TASK TO COMPLETE
Each line below has to be set down again exactly.

[Spatial localization data]
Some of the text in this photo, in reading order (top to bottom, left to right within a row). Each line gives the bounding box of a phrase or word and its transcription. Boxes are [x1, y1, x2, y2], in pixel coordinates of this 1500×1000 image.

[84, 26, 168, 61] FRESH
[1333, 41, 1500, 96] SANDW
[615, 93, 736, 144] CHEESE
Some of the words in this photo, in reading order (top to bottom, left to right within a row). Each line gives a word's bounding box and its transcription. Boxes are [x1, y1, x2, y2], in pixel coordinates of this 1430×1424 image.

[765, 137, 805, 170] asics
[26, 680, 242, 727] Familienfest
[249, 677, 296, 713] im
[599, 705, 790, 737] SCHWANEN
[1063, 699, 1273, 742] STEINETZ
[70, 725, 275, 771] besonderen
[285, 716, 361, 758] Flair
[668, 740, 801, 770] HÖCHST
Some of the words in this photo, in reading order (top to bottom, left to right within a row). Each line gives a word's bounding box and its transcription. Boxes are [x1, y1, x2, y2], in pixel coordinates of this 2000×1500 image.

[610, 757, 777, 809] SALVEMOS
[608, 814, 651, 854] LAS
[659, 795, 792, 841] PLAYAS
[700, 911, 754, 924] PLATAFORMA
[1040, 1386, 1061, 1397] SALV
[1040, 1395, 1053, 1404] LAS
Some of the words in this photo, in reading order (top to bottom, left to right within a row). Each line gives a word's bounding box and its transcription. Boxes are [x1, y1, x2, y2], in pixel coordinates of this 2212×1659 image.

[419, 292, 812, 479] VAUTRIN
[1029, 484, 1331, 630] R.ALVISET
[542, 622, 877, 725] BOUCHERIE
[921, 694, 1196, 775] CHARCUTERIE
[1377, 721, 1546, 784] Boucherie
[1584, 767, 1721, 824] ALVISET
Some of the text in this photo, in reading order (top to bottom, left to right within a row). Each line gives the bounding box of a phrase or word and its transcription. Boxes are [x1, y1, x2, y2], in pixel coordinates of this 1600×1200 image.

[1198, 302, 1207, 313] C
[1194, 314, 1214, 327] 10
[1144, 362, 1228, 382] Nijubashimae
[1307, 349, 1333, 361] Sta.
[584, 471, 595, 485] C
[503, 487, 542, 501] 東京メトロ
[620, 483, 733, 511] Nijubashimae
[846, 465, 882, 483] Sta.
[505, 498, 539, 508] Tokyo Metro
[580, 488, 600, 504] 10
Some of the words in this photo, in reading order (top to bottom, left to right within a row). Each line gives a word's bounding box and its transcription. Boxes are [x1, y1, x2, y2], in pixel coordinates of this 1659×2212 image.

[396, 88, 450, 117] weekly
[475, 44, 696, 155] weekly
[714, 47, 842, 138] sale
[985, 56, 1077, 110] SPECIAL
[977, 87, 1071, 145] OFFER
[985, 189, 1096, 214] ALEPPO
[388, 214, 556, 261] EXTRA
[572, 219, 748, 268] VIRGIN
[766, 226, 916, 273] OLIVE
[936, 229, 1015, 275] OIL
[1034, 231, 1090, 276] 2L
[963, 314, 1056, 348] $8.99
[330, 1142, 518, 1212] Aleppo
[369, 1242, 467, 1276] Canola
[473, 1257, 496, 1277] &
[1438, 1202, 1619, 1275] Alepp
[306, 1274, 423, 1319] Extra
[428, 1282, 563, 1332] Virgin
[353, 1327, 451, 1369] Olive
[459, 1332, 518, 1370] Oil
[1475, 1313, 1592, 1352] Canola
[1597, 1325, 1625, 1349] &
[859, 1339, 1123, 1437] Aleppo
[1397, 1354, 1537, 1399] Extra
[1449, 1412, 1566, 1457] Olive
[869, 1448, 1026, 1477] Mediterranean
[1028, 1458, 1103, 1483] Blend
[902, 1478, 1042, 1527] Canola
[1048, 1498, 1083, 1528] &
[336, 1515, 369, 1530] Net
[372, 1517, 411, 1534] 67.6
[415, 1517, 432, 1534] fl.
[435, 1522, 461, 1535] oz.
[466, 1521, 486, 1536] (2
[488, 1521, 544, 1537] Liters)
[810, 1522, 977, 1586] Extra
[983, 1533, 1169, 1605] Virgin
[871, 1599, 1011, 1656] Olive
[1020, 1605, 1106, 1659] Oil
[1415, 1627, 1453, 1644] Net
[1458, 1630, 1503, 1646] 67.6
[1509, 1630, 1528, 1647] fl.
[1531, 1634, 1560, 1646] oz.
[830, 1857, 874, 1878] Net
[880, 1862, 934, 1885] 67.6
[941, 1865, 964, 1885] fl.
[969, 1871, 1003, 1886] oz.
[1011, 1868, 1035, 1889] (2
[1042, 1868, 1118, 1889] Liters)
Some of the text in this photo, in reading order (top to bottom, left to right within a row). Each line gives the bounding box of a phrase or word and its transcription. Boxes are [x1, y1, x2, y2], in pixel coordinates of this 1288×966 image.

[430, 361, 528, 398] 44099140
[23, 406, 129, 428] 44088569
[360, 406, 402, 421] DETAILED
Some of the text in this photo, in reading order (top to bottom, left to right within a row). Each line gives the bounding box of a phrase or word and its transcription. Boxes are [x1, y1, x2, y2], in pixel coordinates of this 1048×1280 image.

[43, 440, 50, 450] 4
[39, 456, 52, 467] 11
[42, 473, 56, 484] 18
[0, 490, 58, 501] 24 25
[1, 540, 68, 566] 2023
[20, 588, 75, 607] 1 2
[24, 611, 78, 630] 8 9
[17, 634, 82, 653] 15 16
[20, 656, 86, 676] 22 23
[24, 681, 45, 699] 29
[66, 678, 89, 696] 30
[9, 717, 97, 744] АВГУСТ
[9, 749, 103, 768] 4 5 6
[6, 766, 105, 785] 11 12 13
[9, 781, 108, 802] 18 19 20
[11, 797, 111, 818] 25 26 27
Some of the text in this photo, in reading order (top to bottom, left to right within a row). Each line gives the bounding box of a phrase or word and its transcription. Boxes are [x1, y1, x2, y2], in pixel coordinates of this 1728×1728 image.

WRITTEN ANSWER
Some of the text in this photo, in reading order (top to bottom, left to right within a row). Each line gives the bounding box of a phrase or word and its transcription. Boxes are [x1, y1, x2, y2], in pixel coordinates of this 1500×1000 image.

[84, 26, 168, 61] FRESH
[1333, 41, 1500, 96] SANDW
[615, 93, 736, 144] CHEESE
Some of the words in this photo, in reading order (top to bottom, left to right within a row). Each line gives a word's bounding box and its transcription. Boxes are [x1, y1, x2, y2], in pixel coordinates of this 1430×1424 image.

[765, 137, 805, 170] asics
[26, 680, 242, 727] Familienfest
[249, 677, 296, 713] im
[599, 705, 790, 737] SCHWANEN
[1063, 699, 1273, 742] STEINETZ
[70, 725, 275, 771] besonderen
[285, 716, 361, 758] Flair
[668, 740, 801, 770] HÖCHST
Some of the words in this photo, in reading order (top to bottom, left to right within a row). Each line gives a word's bounding box and its transcription. Boxes are [x1, y1, x2, y2], in pixel coordinates of this 2000×1500 image.

[610, 757, 777, 809] SALVEMOS
[608, 814, 651, 854] LAS
[659, 795, 792, 841] PLAYAS
[700, 911, 754, 924] PLATAFORMA
[1040, 1386, 1061, 1397] SALV
[1040, 1395, 1053, 1404] LAS
Some of the words in this photo, in reading order (top to bottom, left to right within a row). Each line gives a word's bounding box and its transcription. Boxes are [x1, y1, x2, y2], in pixel coordinates of this 2212×1659 image.

[419, 292, 812, 479] VAUTRIN
[1029, 484, 1331, 630] R.ALVISET
[542, 622, 877, 725] BOUCHERIE
[921, 694, 1196, 775] CHARCUTERIE
[1377, 721, 1546, 784] Boucherie
[1584, 767, 1721, 824] ALVISET
Some of the text in this photo, in reading order (top to bottom, left to right within a row). Each line gives the bounding box of a phrase or word and its transcription. Boxes are [x1, y1, x2, y2], in pixel coordinates of this 1600×1200 image.

[1198, 302, 1207, 313] C
[1194, 314, 1214, 327] 10
[1144, 362, 1228, 382] Nijubashimae
[1307, 349, 1333, 361] Sta.
[584, 471, 595, 485] C
[503, 487, 542, 501] 東京メトロ
[620, 483, 733, 511] Nijubashimae
[846, 465, 882, 483] Sta.
[505, 498, 539, 508] Tokyo Metro
[580, 488, 600, 504] 10
Some of the words in this photo, in reading order (top to bottom, left to right within a row). Each line gives a word's bounding box and its transcription. Boxes are [x1, y1, x2, y2], in pixel coordinates of this 1659×2212 image.

[396, 88, 450, 117] weekly
[475, 44, 696, 155] weekly
[714, 47, 842, 138] sale
[985, 56, 1077, 110] SPECIAL
[977, 87, 1071, 145] OFFER
[985, 189, 1096, 214] ALEPPO
[388, 214, 556, 261] EXTRA
[572, 219, 748, 268] VIRGIN
[766, 226, 916, 273] OLIVE
[936, 229, 1015, 275] OIL
[1034, 231, 1090, 276] 2L
[963, 314, 1056, 348] $8.99
[330, 1142, 518, 1212] Aleppo
[369, 1242, 467, 1276] Canola
[473, 1257, 496, 1277] &
[1438, 1202, 1619, 1275] Alepp
[306, 1274, 423, 1319] Extra
[428, 1282, 563, 1332] Virgin
[353, 1327, 451, 1369] Olive
[459, 1332, 518, 1370] Oil
[1475, 1313, 1592, 1352] Canola
[1597, 1325, 1625, 1349] &
[859, 1339, 1123, 1437] Aleppo
[1397, 1354, 1537, 1399] Extra
[1449, 1412, 1566, 1457] Olive
[869, 1448, 1026, 1477] Mediterranean
[1028, 1458, 1103, 1483] Blend
[902, 1478, 1042, 1527] Canola
[1048, 1498, 1083, 1528] &
[336, 1515, 369, 1530] Net
[372, 1517, 411, 1534] 67.6
[415, 1517, 432, 1534] fl.
[435, 1522, 461, 1535] oz.
[466, 1521, 486, 1536] (2
[488, 1521, 544, 1537] Liters)
[810, 1522, 977, 1586] Extra
[983, 1533, 1169, 1605] Virgin
[871, 1599, 1011, 1656] Olive
[1020, 1605, 1106, 1659] Oil
[1415, 1627, 1453, 1644] Net
[1458, 1630, 1503, 1646] 67.6
[1509, 1630, 1528, 1647] fl.
[1531, 1634, 1560, 1646] oz.
[830, 1857, 874, 1878] Net
[880, 1862, 934, 1885] 67.6
[941, 1865, 964, 1885] fl.
[969, 1871, 1003, 1886] oz.
[1011, 1868, 1035, 1889] (2
[1042, 1868, 1118, 1889] Liters)
Some of the text in this photo, in reading order (top to bottom, left to right within a row). Each line gives the bounding box of a phrase or word and its transcription. Boxes are [x1, y1, x2, y2], in pixel coordinates of this 1288×966 image.

[430, 361, 528, 398] 44099140
[23, 406, 129, 428] 44088569
[360, 406, 402, 421] DETAILED
Some of the text in this photo, in reading order (top to bottom, left to right within a row). Each line gives the bounding box of a phrase or word and its transcription. Boxes are [x1, y1, x2, y2], in pixel coordinates of this 1048×1280 image.

[43, 440, 50, 450] 4
[39, 456, 52, 467] 11
[42, 473, 56, 484] 18
[0, 490, 58, 501] 24 25
[1, 540, 68, 566] 2023
[20, 588, 75, 607] 1 2
[24, 611, 78, 630] 8 9
[17, 634, 82, 653] 15 16
[20, 656, 86, 676] 22 23
[24, 681, 45, 699] 29
[66, 678, 89, 696] 30
[9, 717, 97, 744] АВГУСТ
[9, 749, 103, 768] 4 5 6
[6, 766, 105, 785] 11 12 13
[9, 781, 108, 802] 18 19 20
[11, 797, 111, 818] 25 26 27
Some of the text in this photo, in reading order (top to bottom, left to right within a row). Each line gives the bounding box of a phrase or word and its transcription. Boxes are [x1, y1, x2, y2], in pixel coordinates of this 1728×1728 image.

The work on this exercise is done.